» TASK BRIEF
With the pictures left out, restate every entry word for word.

» PROVIDED ENTRIES
★ ★ ★
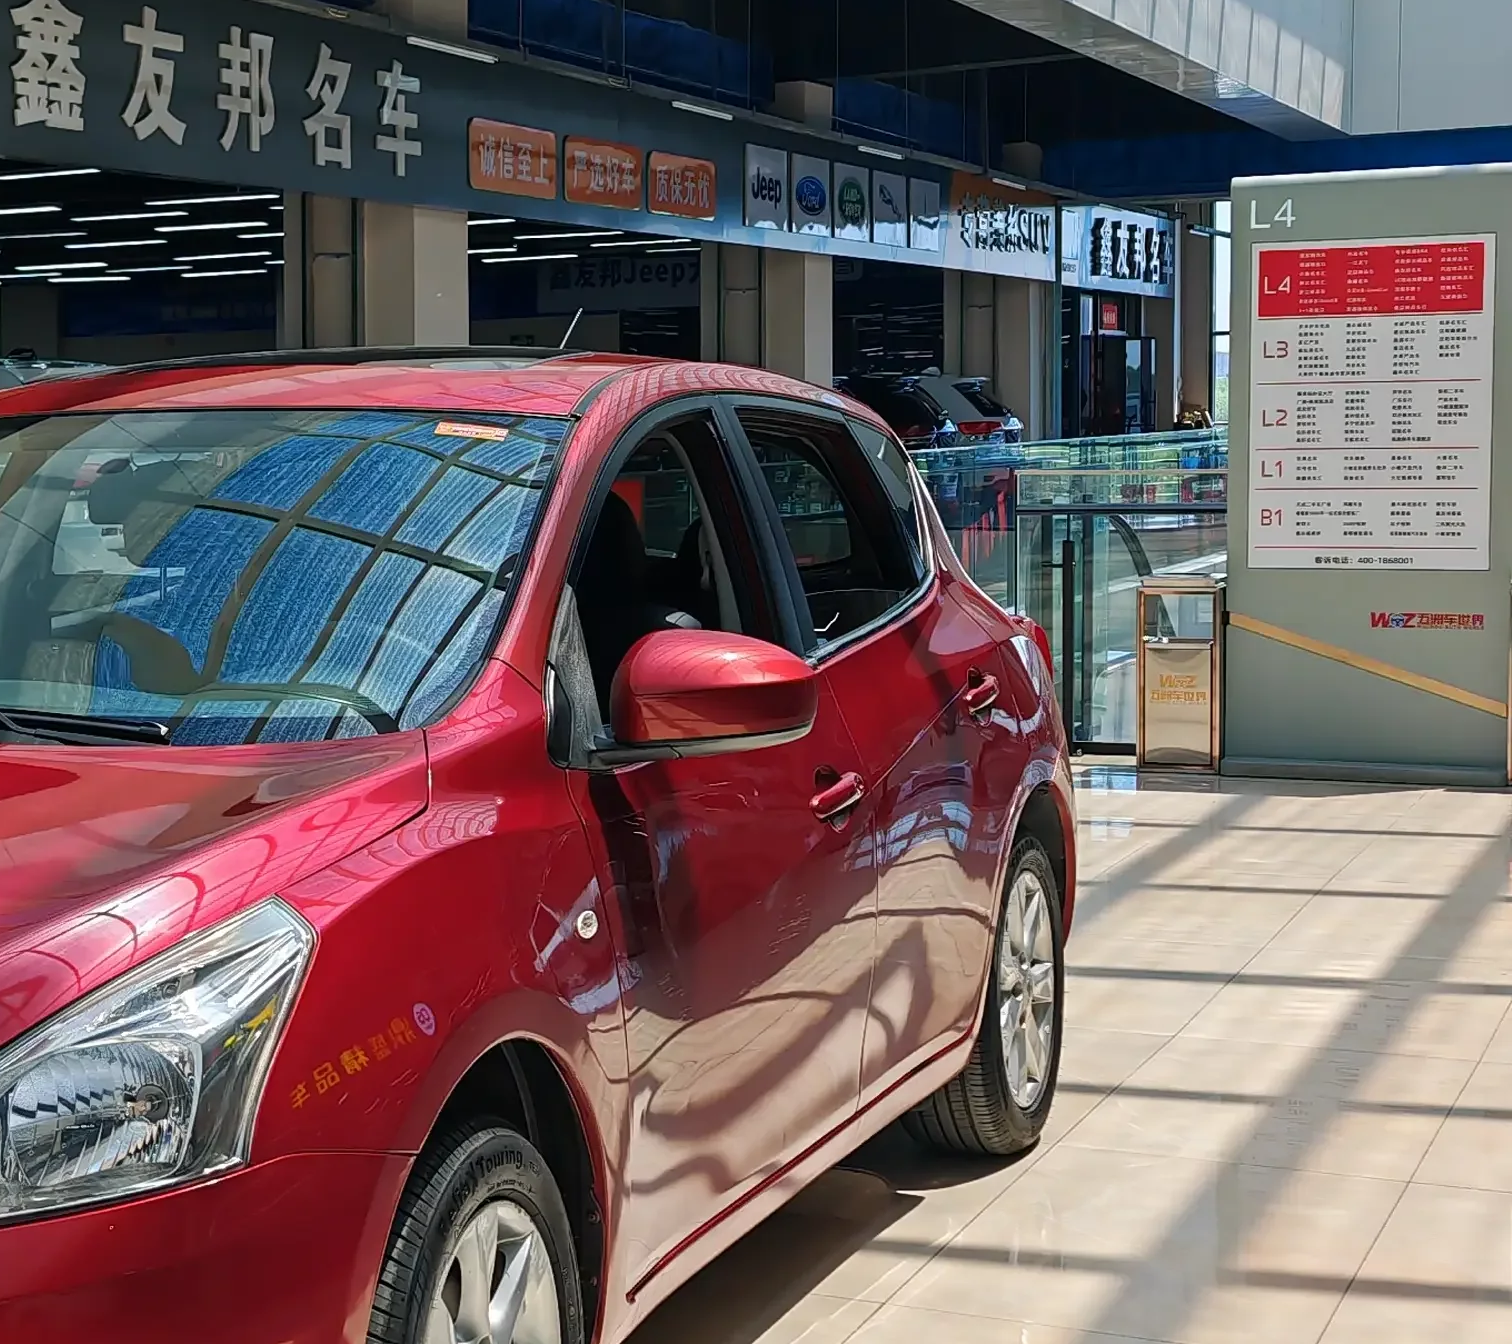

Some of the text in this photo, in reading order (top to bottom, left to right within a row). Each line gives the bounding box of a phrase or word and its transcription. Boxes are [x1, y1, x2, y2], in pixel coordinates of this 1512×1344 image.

[478, 133, 550, 186] 诚信至上
[573, 149, 637, 196] 严选好车
[655, 164, 711, 209] 质保无忧
[751, 167, 782, 210] Jeep
[1250, 198, 1296, 229] L4
[1263, 275, 1291, 295] L4
[1262, 340, 1289, 359] L3
[1261, 409, 1288, 428] L2
[1260, 460, 1284, 478] L1
[1260, 508, 1284, 527] B1
★ ★ ★
» EXERCISE OUTPUT
Some of the text in this photo, in reading order (top to bottom, left to right within a row). Each line gives the bounding box of a phrase or word and its transcription. Boxes are [x1, y1, x2, y2], in pixel coordinates of this 1512×1344 image.

[478, 133, 550, 186] 诚信至上
[573, 149, 637, 196] 严选好车
[655, 164, 711, 209] 质保无忧
[751, 167, 782, 210] Jeep
[1250, 198, 1296, 229] L4
[1263, 275, 1291, 295] L4
[1262, 340, 1289, 359] L3
[1261, 409, 1288, 428] L2
[1260, 460, 1284, 478] L1
[1260, 508, 1284, 527] B1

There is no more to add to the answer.